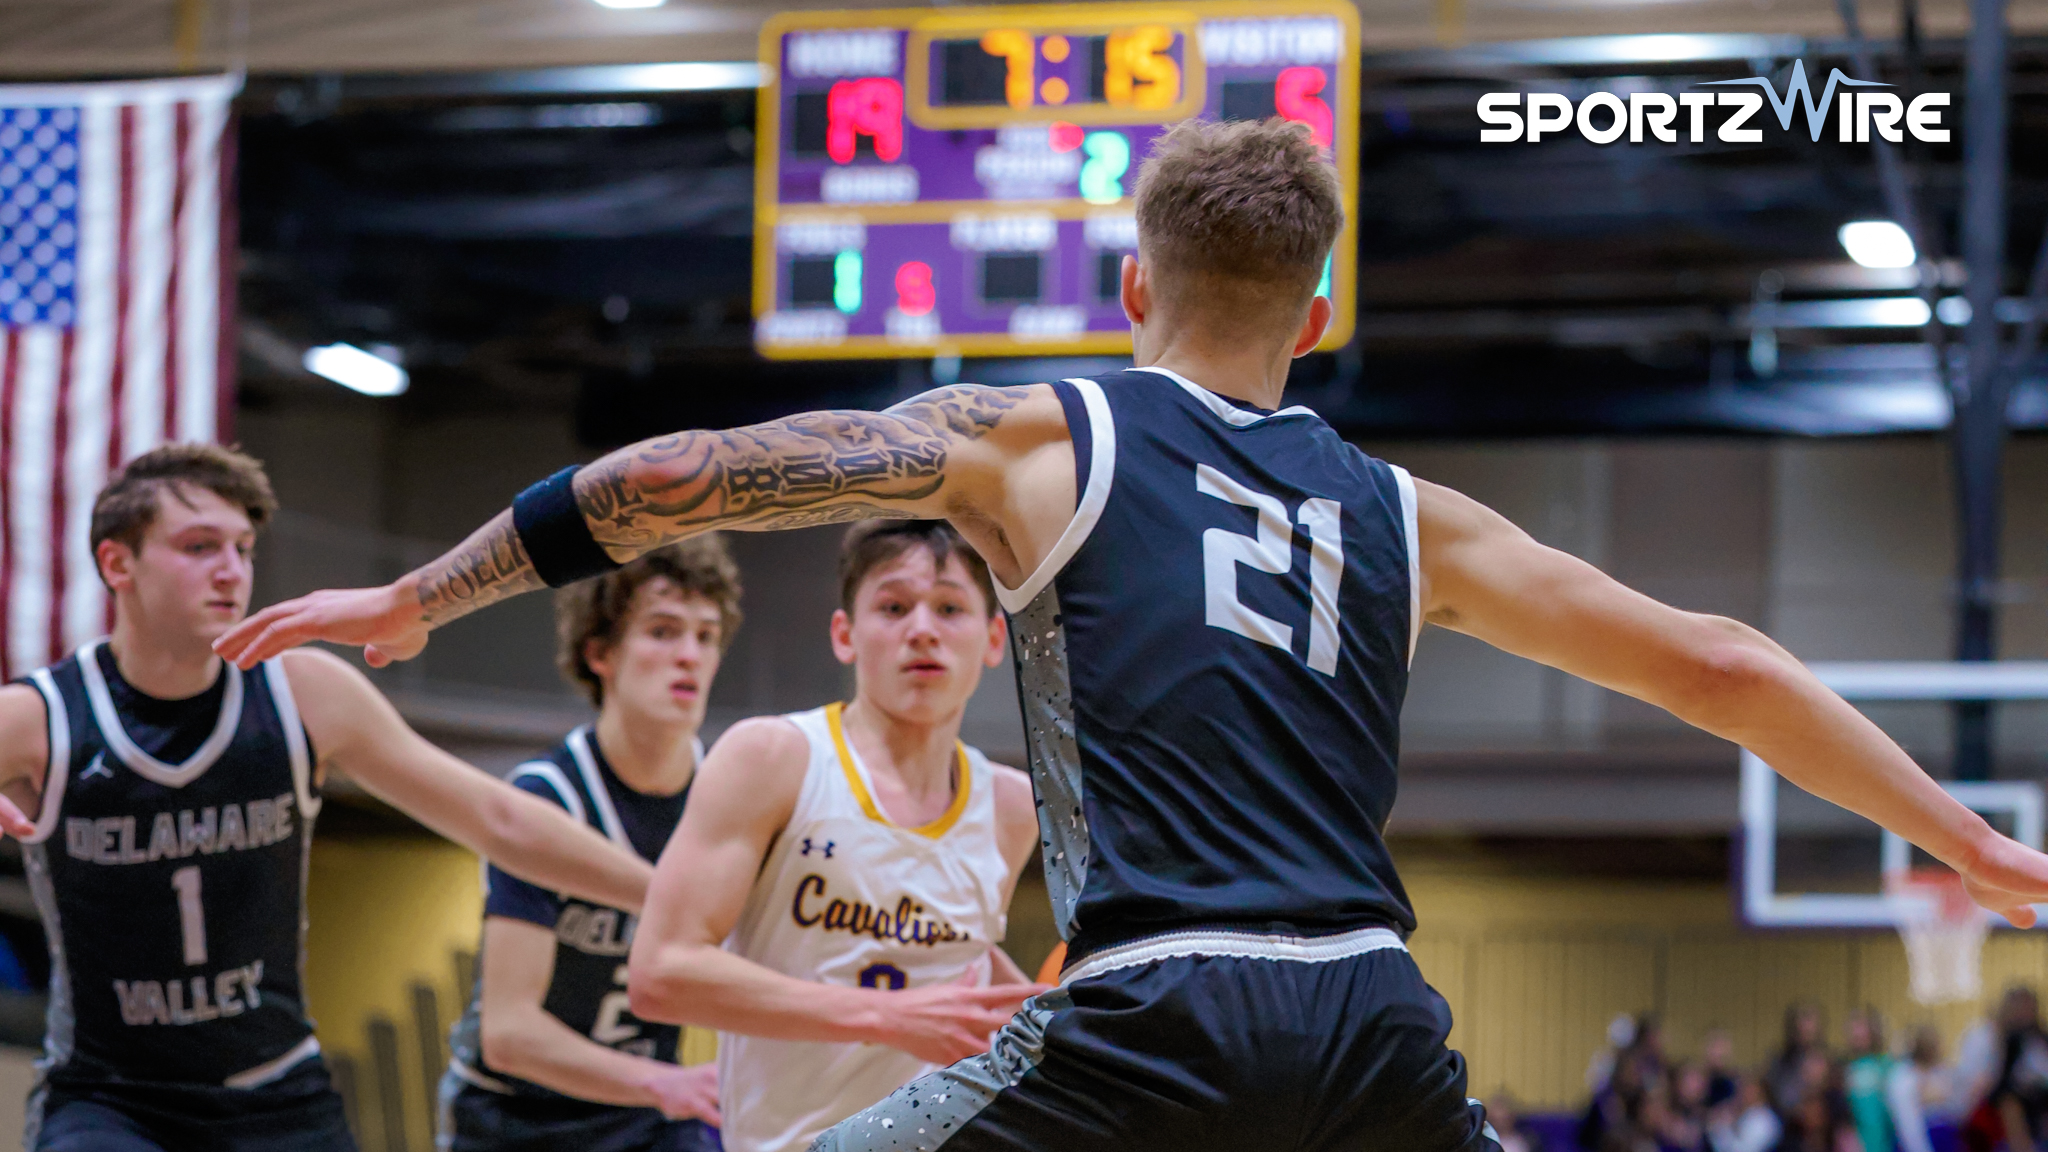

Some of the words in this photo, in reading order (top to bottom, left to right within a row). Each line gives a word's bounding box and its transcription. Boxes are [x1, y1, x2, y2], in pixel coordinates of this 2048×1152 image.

[980, 27, 1181, 110] 7:15
[826, 77, 903, 164] 19
[1079, 131, 1130, 204] 2
[1196, 462, 1345, 678] 21
[65, 794, 297, 866] DELAWARE
[171, 865, 208, 966] 1
[113, 959, 264, 1026] VALLEY
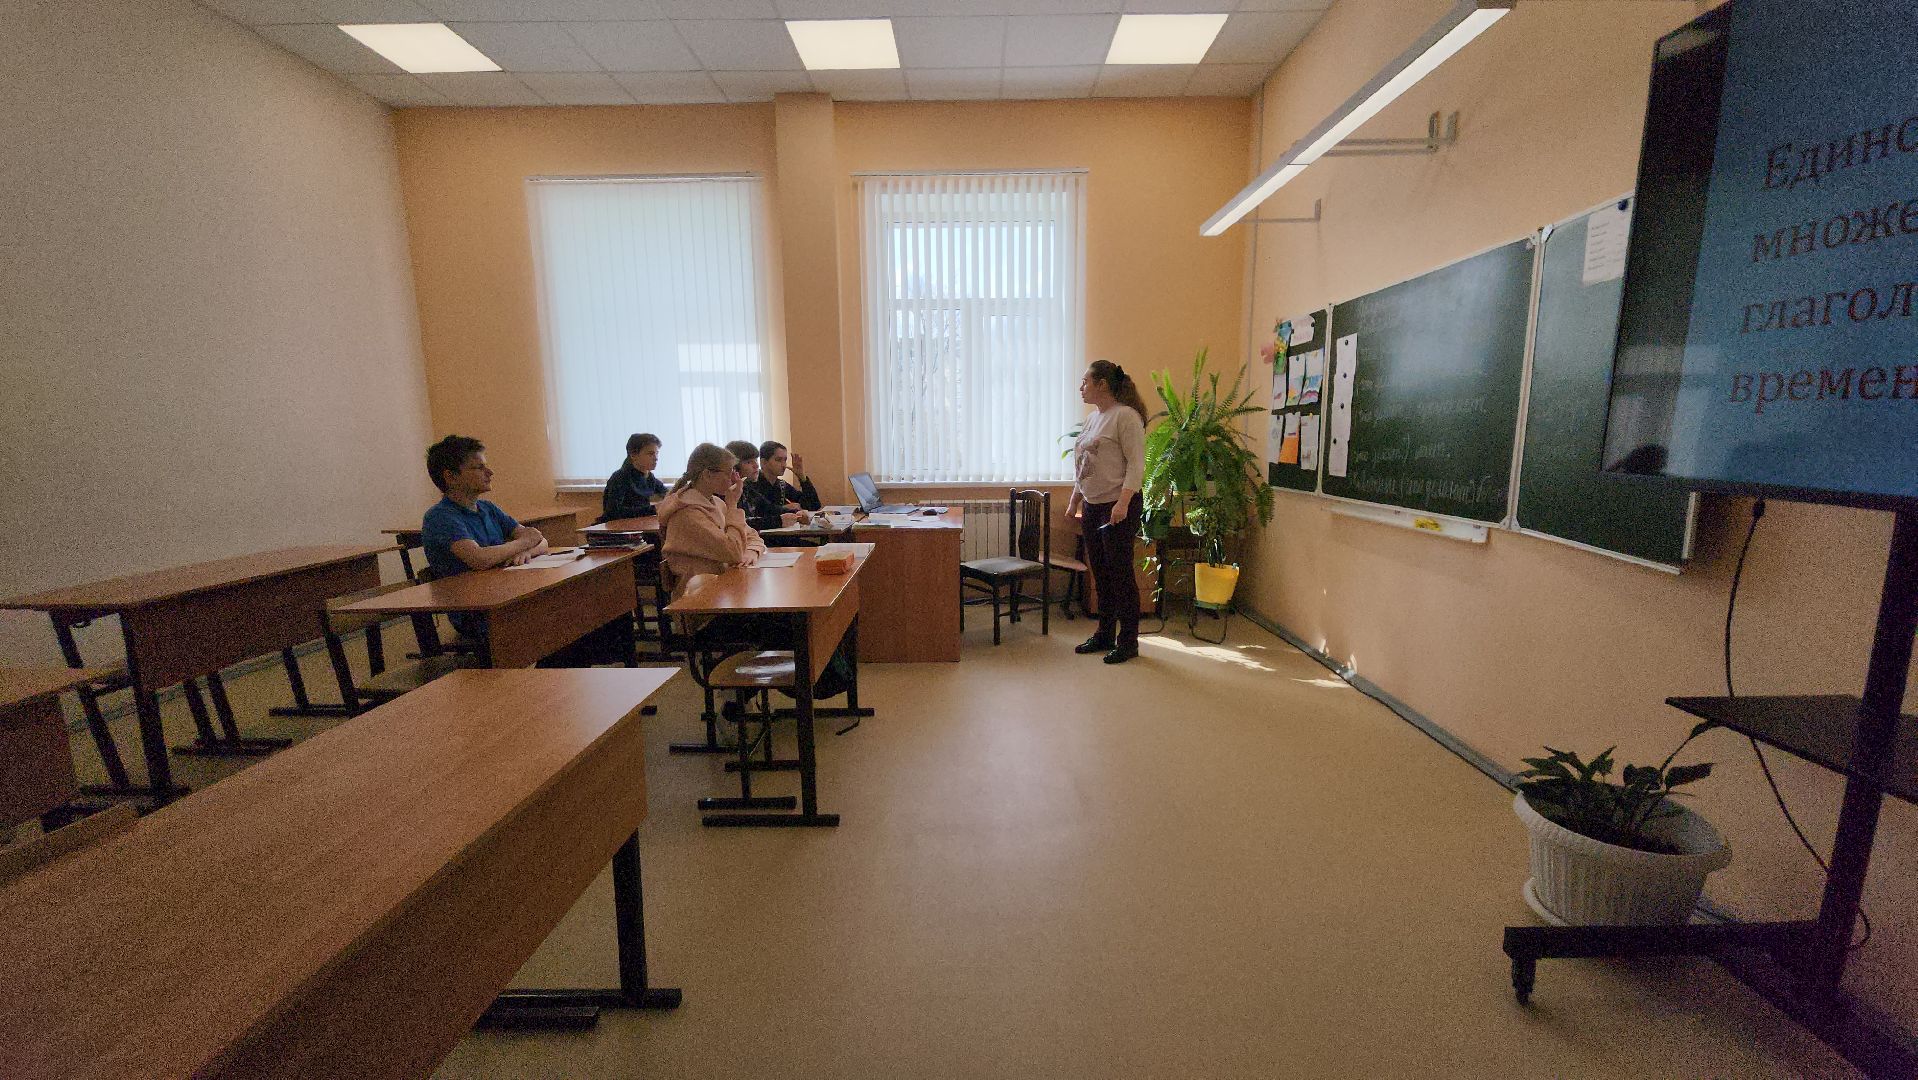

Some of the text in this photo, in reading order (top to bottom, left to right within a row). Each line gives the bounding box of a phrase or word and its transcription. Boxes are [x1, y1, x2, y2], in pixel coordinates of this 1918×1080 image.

[1752, 198, 1918, 263] множе
[1739, 282, 1917, 335] глагол
[1730, 365, 1918, 415] времен
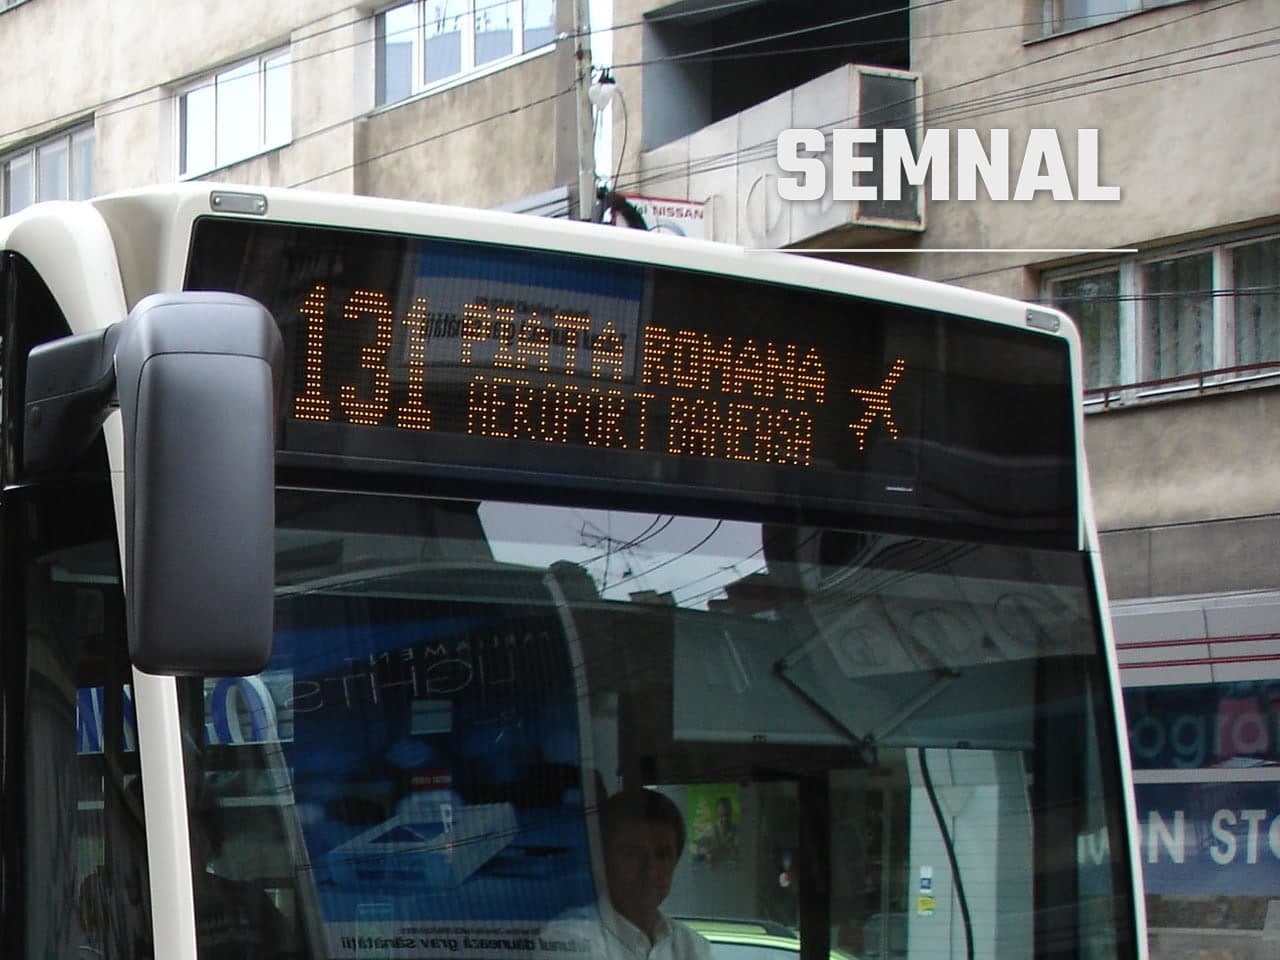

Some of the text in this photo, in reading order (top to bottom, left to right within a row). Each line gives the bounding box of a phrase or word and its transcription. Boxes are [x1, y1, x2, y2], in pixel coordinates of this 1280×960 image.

[652, 205, 703, 220] NISSAN
[294, 285, 431, 431] 131
[460, 302, 625, 381] PIATA
[642, 324, 827, 404] ROMANA
[467, 374, 814, 467] AEROPORT BANEASA

----------

- **DIRECTIONS FOR THIS TASK**
Set down all entries above again, exactly, without images.

- **ANSWER TO THIS TASK**
Some of the words in this photo, in reading order (top to bottom, left to right within a row). Each line gives a word's bounding box and its transcription. Boxes are [x1, y1, x2, y2], in pixel coordinates of this 2048×1152 image.

[980, 27, 1181, 110] 7:15
[826, 77, 903, 164] 19
[1079, 131, 1130, 204] 2
[1196, 462, 1345, 678] 21
[65, 794, 297, 866] DELAWARE
[171, 865, 208, 966] 1
[113, 959, 264, 1026] VALLEY

Some of the text in this photo, in reading order (top to bottom, left to right within a row). Each line gives the bounding box of a phrase or word and its transcription. Boxes are [x1, y1, x2, y2], in pixel coordinates of this 1918×1080 image.

[1752, 198, 1918, 263] множе
[1739, 282, 1917, 335] глагол
[1730, 365, 1918, 415] времен

Some of the text in this photo, in reading order (top to bottom, left to right within a row). Each line gives the bounding box of a phrase or word and its transcription. Boxes are [x1, y1, x2, y2], in pixel coordinates of this 1280×960 image.

[652, 205, 703, 220] NISSAN
[294, 285, 431, 431] 131
[460, 302, 625, 381] PIATA
[642, 324, 827, 404] ROMANA
[467, 374, 814, 467] AEROPORT BANEASA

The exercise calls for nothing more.